■ **Directions for this task**:
Print the data verbatim. Leave every image out.

Collected data:
Content starts
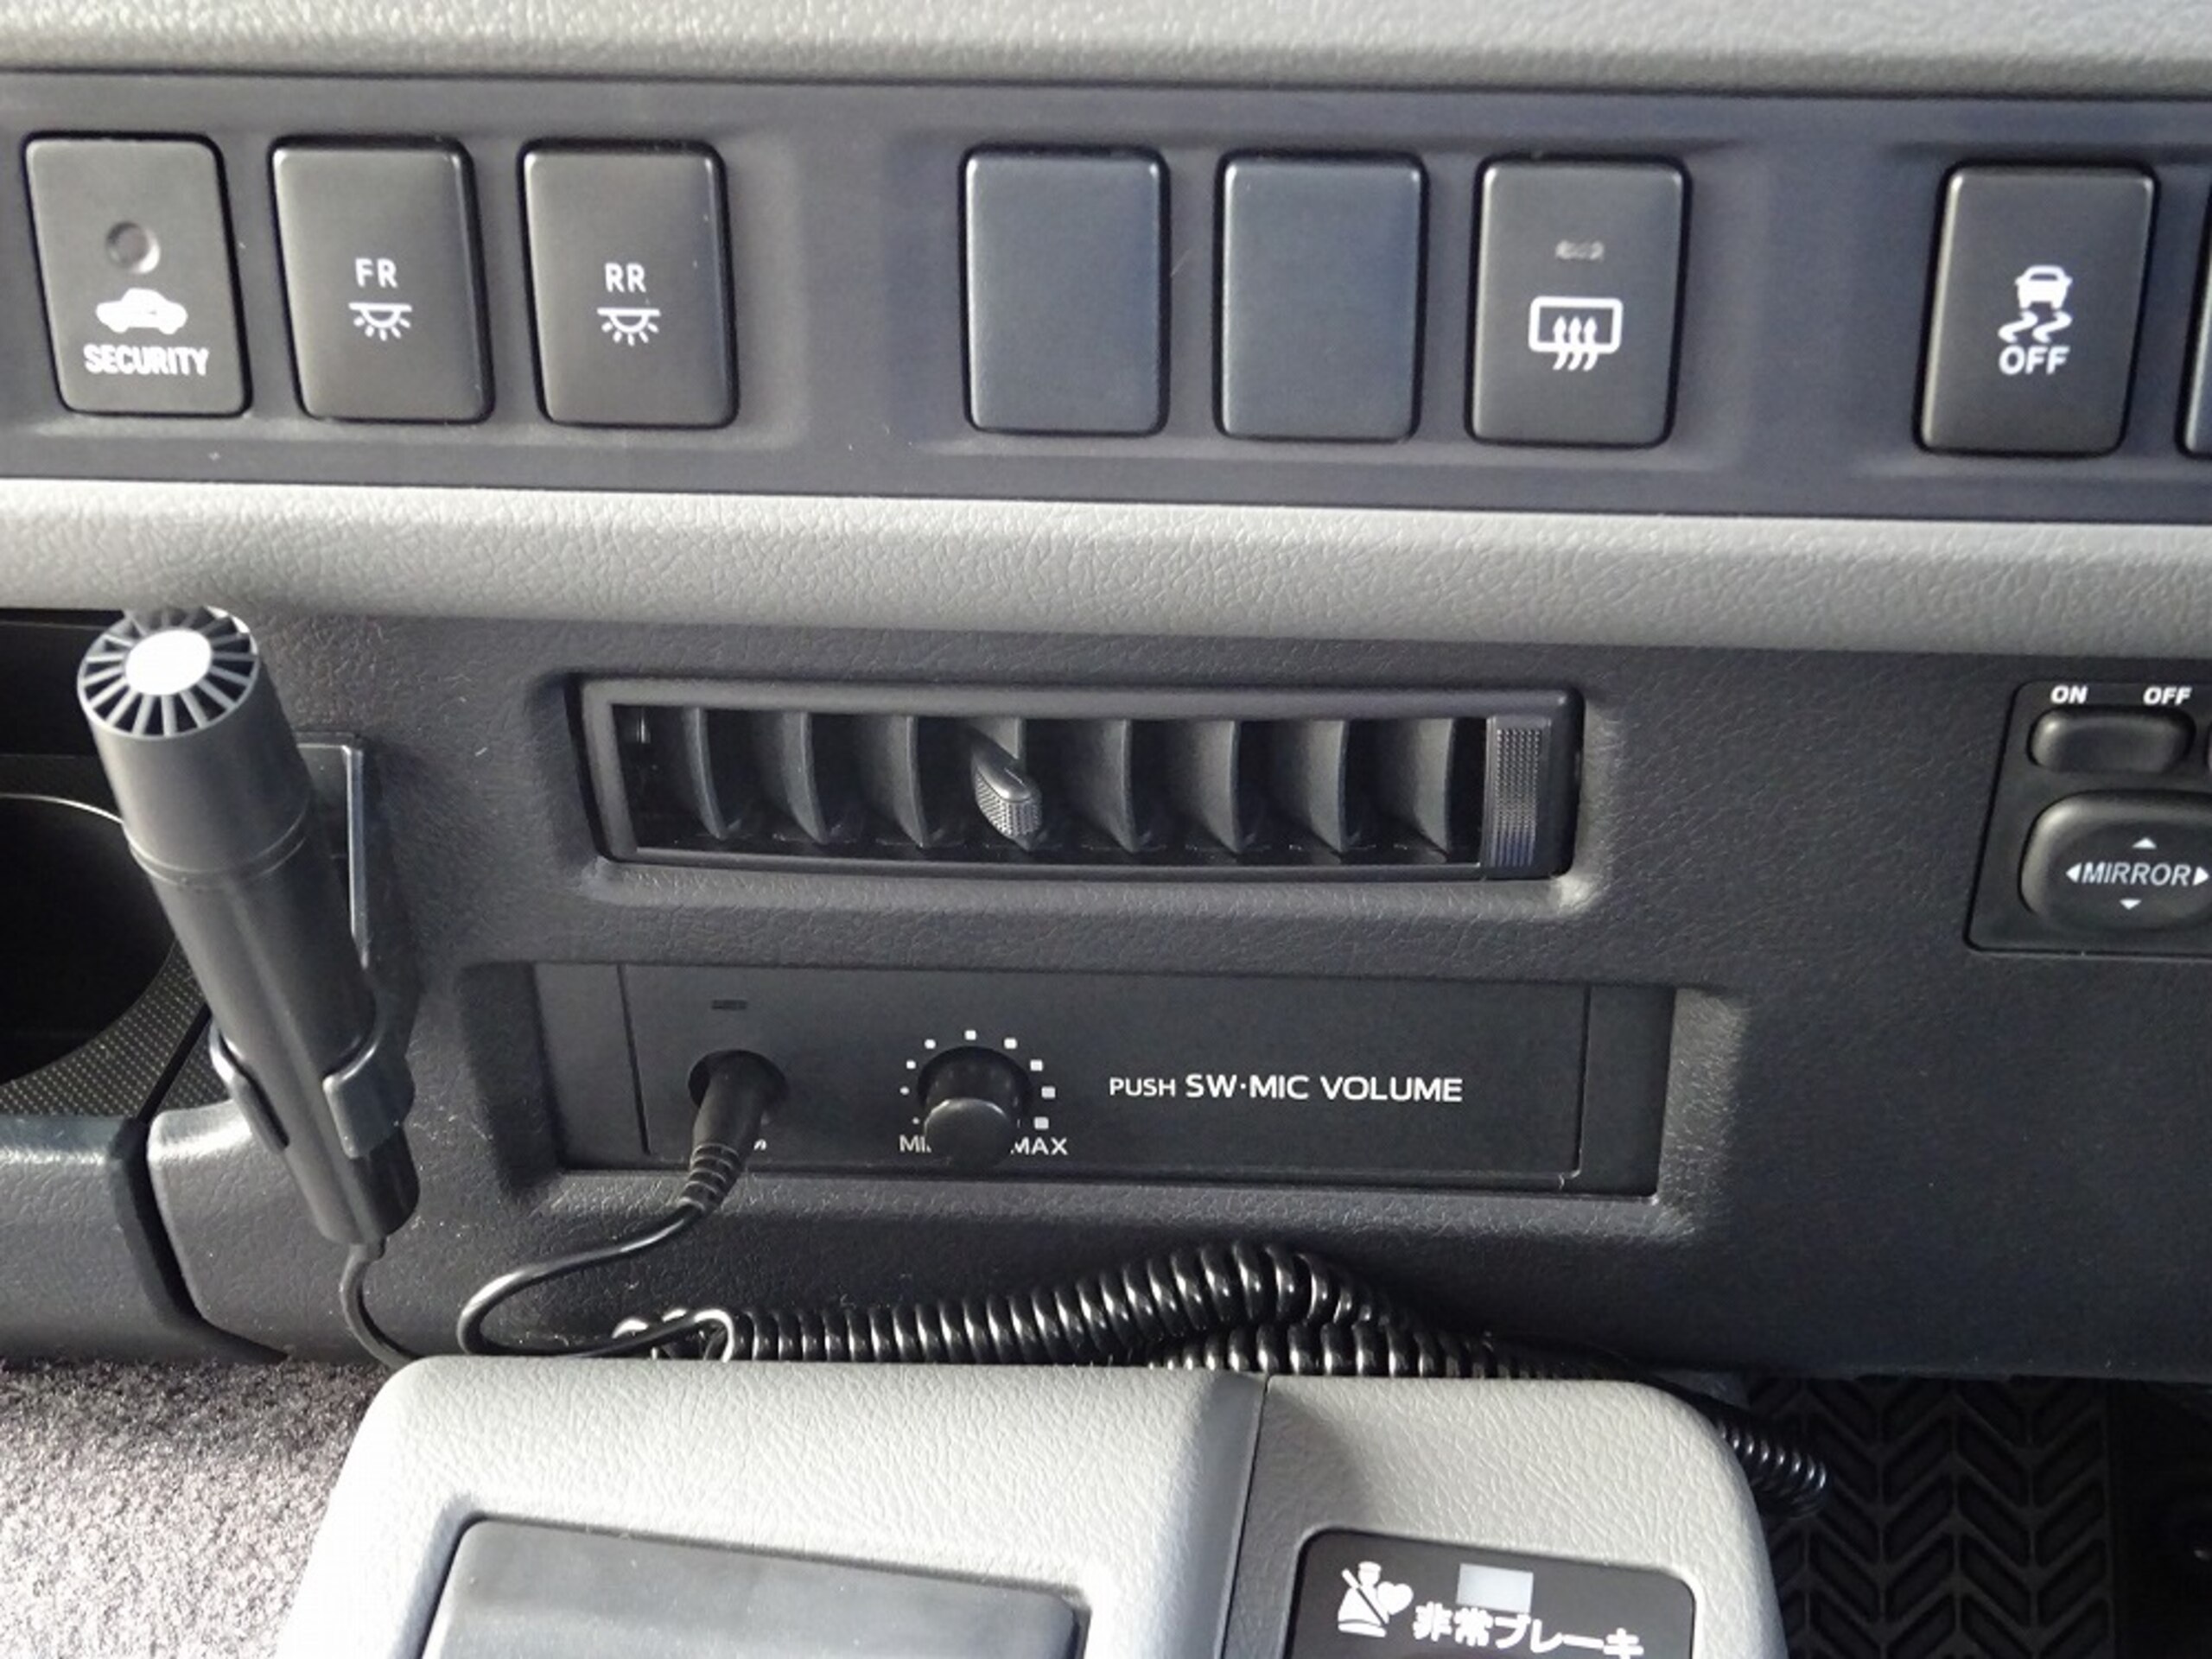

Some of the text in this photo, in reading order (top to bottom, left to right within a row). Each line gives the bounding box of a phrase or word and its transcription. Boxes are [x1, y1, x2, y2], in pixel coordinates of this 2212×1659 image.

[354, 257, 398, 289] FR
[604, 262, 647, 293] RR
[82, 344, 211, 377] SECURITY
[1998, 346, 2070, 375] OFF
[2050, 685, 2088, 704] ON
[2143, 686, 2193, 705] OFF
[2081, 861, 2192, 887] MIRROR
[1109, 1077, 1176, 1097] PUSH
[1319, 1075, 1464, 1103] VOLUME
[899, 1135, 932, 1154] MI
[1010, 1136, 1068, 1156] MAX
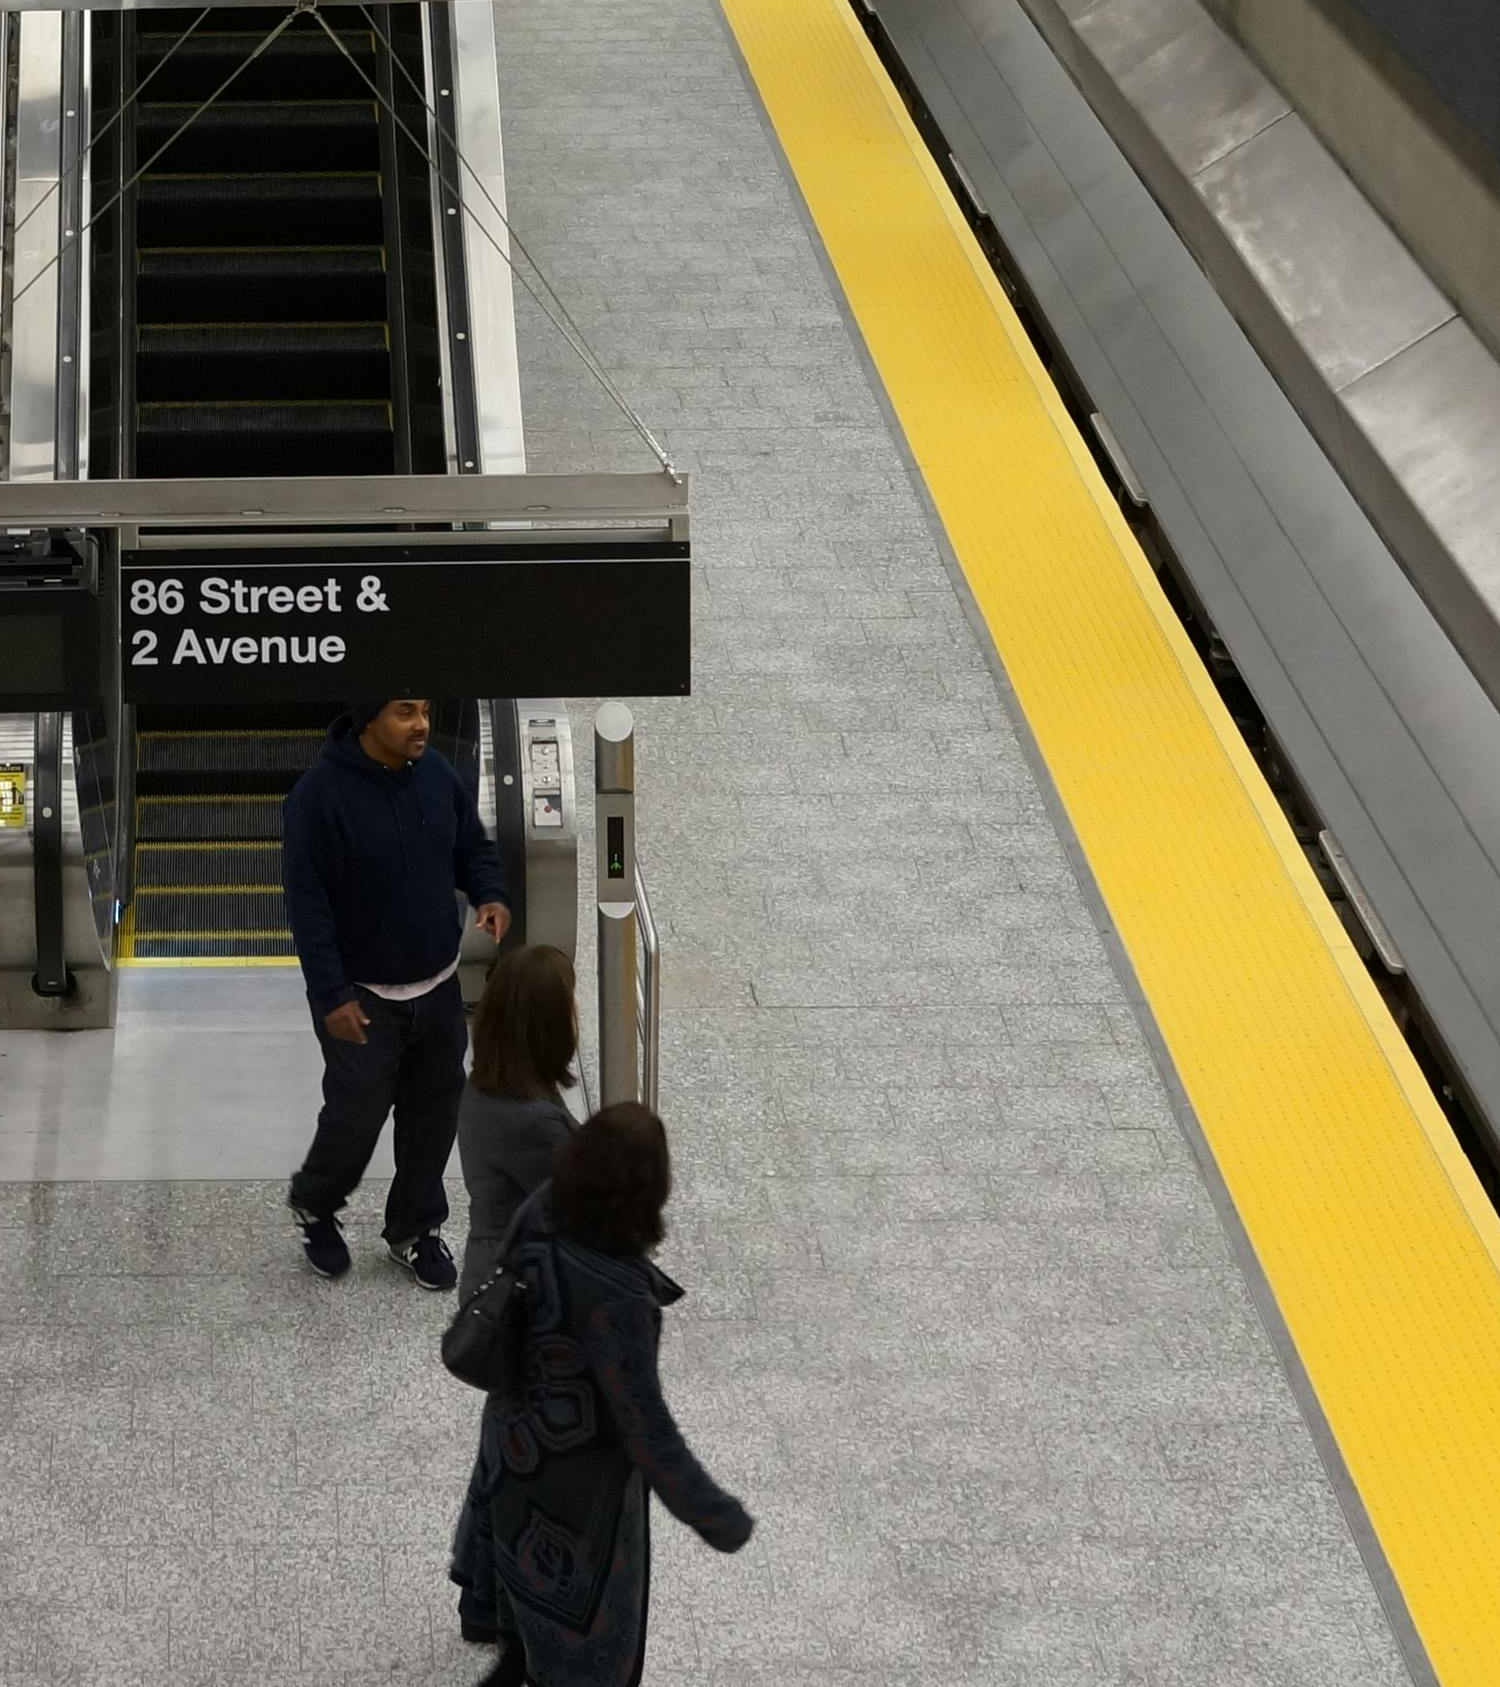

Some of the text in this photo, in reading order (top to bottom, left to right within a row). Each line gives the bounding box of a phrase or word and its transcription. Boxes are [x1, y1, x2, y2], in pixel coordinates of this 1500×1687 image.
Content ends
■ **Problem solution**:
Some of the text in this photo, in reading order (top to bottom, left to right within a row). Each line gives the bounding box of a phrase or word and its transcription. Boxes are [x1, y1, x2, y2], in pixel coordinates of this 2212×1659 image.

[354, 257, 398, 289] FR
[604, 262, 647, 293] RR
[82, 344, 211, 377] SECURITY
[1998, 346, 2070, 375] OFF
[2050, 685, 2088, 704] ON
[2143, 686, 2193, 705] OFF
[2081, 861, 2192, 887] MIRROR
[1109, 1077, 1176, 1097] PUSH
[1319, 1075, 1464, 1103] VOLUME
[899, 1135, 932, 1154] MI
[1010, 1136, 1068, 1156] MAX

Some of the text in this photo, in reading order (top to bottom, left to right within a row). Each line gives the bounding box of a phrase or word and its transcription. Boxes are [x1, y1, x2, y2], in pixel coordinates of this 1500×1687 image.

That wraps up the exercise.